BEGIN

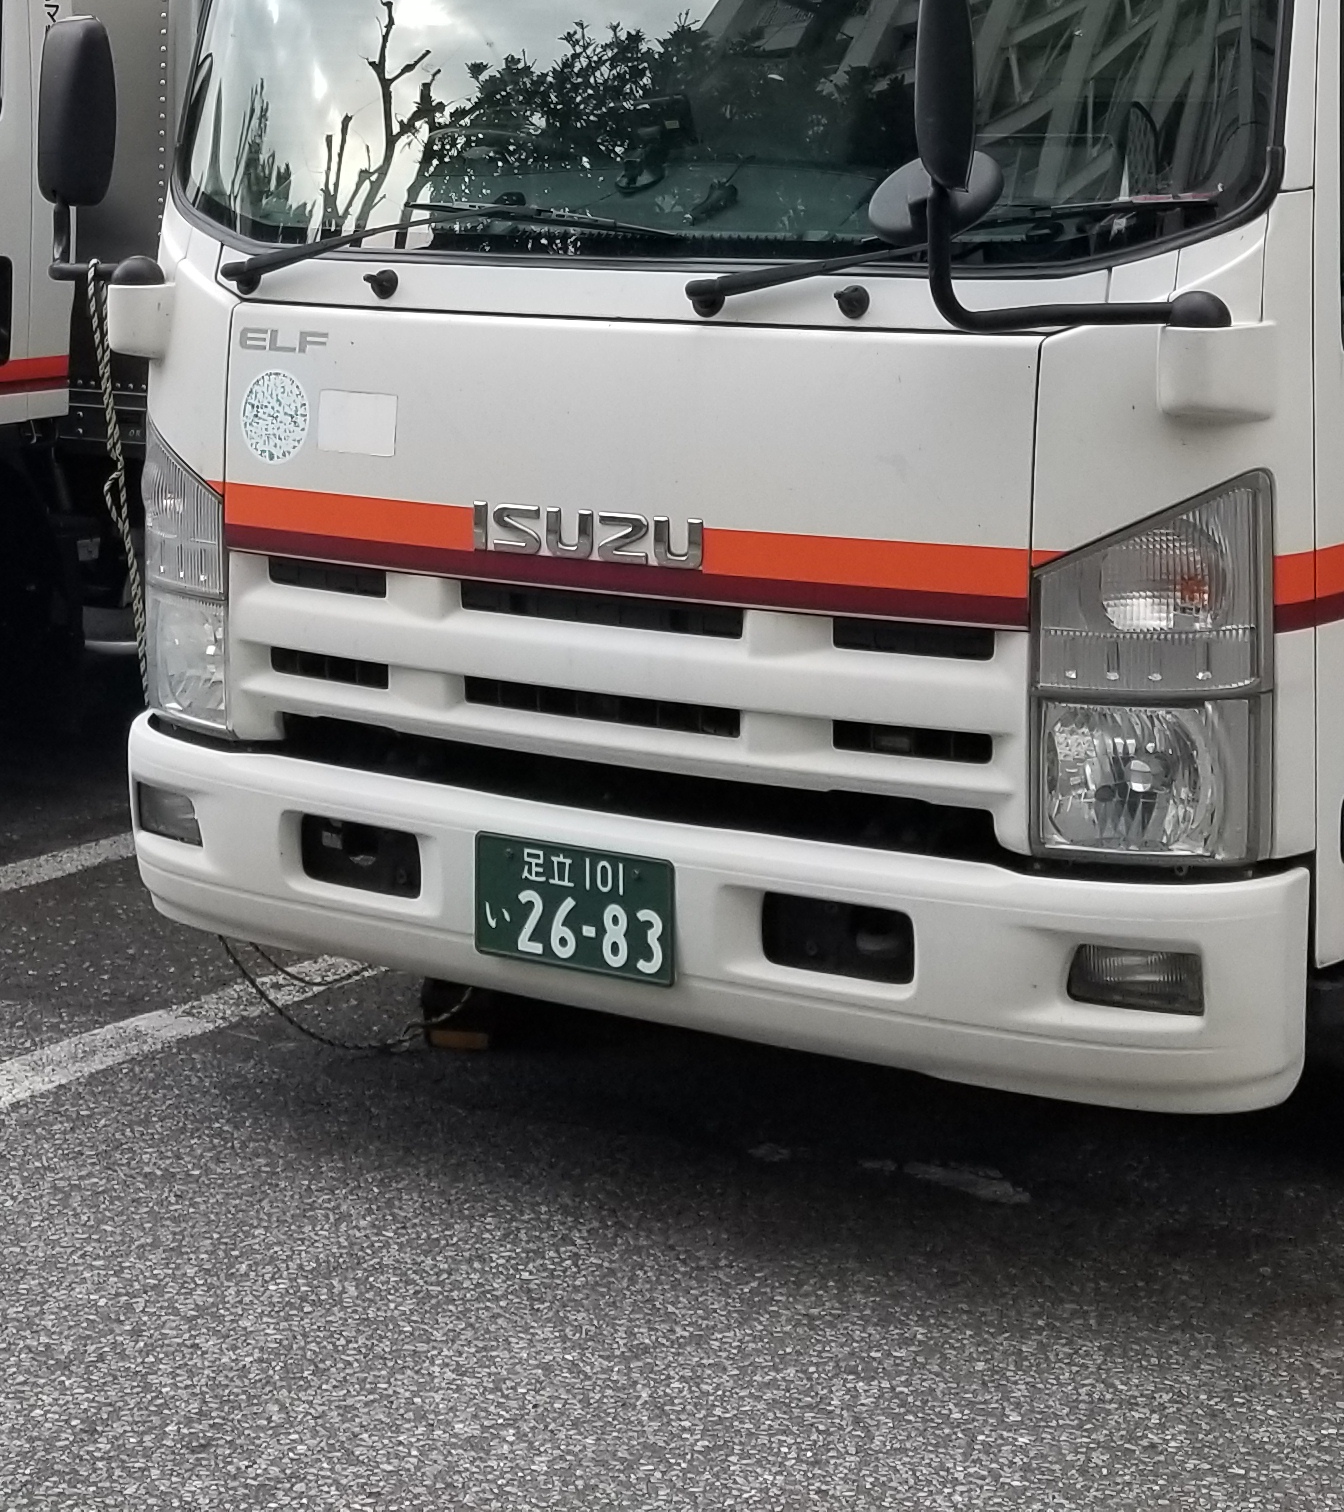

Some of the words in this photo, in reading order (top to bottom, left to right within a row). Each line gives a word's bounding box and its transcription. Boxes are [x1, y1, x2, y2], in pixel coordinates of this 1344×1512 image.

[239, 327, 329, 354] ELF
[472, 499, 704, 570] ISUZU
[522, 848, 575, 887] 足立
[585, 857, 624, 896] 101
[485, 900, 511, 929] い
[517, 890, 663, 974] 26-83
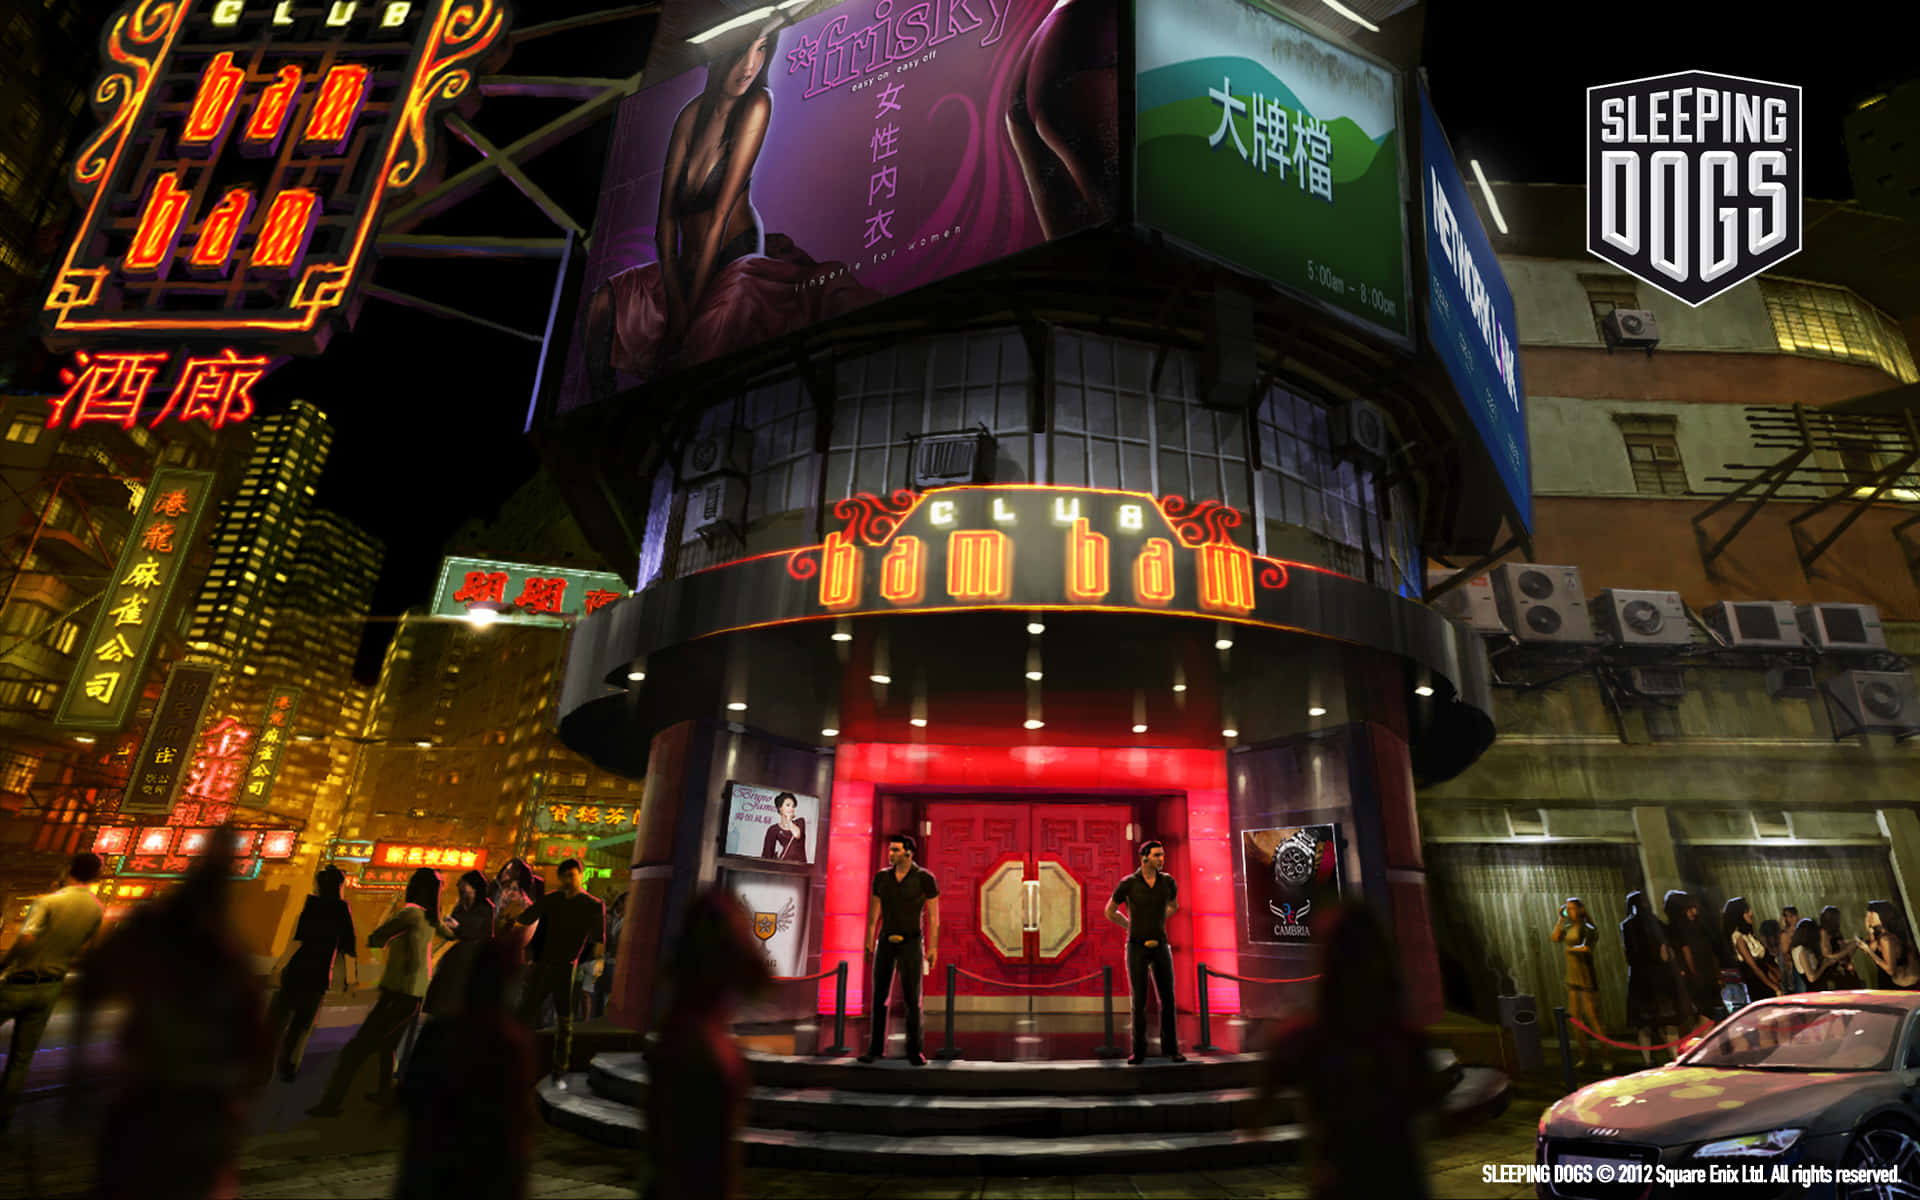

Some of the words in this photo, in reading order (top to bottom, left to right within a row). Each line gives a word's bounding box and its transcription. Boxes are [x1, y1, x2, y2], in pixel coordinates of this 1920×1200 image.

[211, 0, 411, 27] CLUB
[802, 0, 1011, 99] frisky
[178, 51, 370, 144] bam
[852, 77, 874, 92] easy
[877, 71, 889, 81] on
[896, 58, 920, 73] easy
[922, 50, 937, 63] off
[1208, 76, 1333, 202] 大牌檔
[122, 172, 318, 271] bam
[794, 260, 862, 293] lingerie
[873, 249, 896, 264] for
[907, 225, 962, 250] women
[1307, 259, 1344, 295] 5:00am
[1360, 281, 1398, 318] 8:00pm
[46, 348, 271, 430] 酒廊
[930, 497, 1143, 530] CLUB
[819, 529, 1010, 607] bam
[1068, 517, 1256, 611] bam
[1273, 924, 1311, 937] CAMBRIA

END

**DIRECTIONS**
With the images left out, output all the entries above exactly.

**SOLUTION BELOW**
Some of the words in this photo, in reading order (top to bottom, left to right within a row). Each line gives a word's bounding box and its transcription. Boxes are [x1, y1, x2, y2], in pixel coordinates of this 1344×1512 image.

[239, 327, 329, 354] ELF
[472, 499, 704, 570] ISUZU
[522, 848, 575, 887] 足立
[585, 857, 624, 896] 101
[485, 900, 511, 929] い
[517, 890, 663, 974] 26-83

Some of the words in this photo, in reading order (top to bottom, left to right within a row). Each line gives a word's bounding box and its transcription. Boxes are [x1, y1, x2, y2], in pixel coordinates of this 1920×1200 image.

[211, 0, 411, 27] CLUB
[802, 0, 1011, 99] frisky
[178, 51, 370, 144] bam
[852, 77, 874, 92] easy
[877, 71, 889, 81] on
[896, 58, 920, 73] easy
[922, 50, 937, 63] off
[1208, 76, 1333, 202] 大牌檔
[122, 172, 318, 271] bam
[794, 260, 862, 293] lingerie
[873, 249, 896, 264] for
[907, 225, 962, 250] women
[1307, 259, 1344, 295] 5:00am
[1360, 281, 1398, 318] 8:00pm
[46, 348, 271, 430] 酒廊
[930, 497, 1143, 530] CLUB
[819, 529, 1010, 607] bam
[1068, 517, 1256, 611] bam
[1273, 924, 1311, 937] CAMBRIA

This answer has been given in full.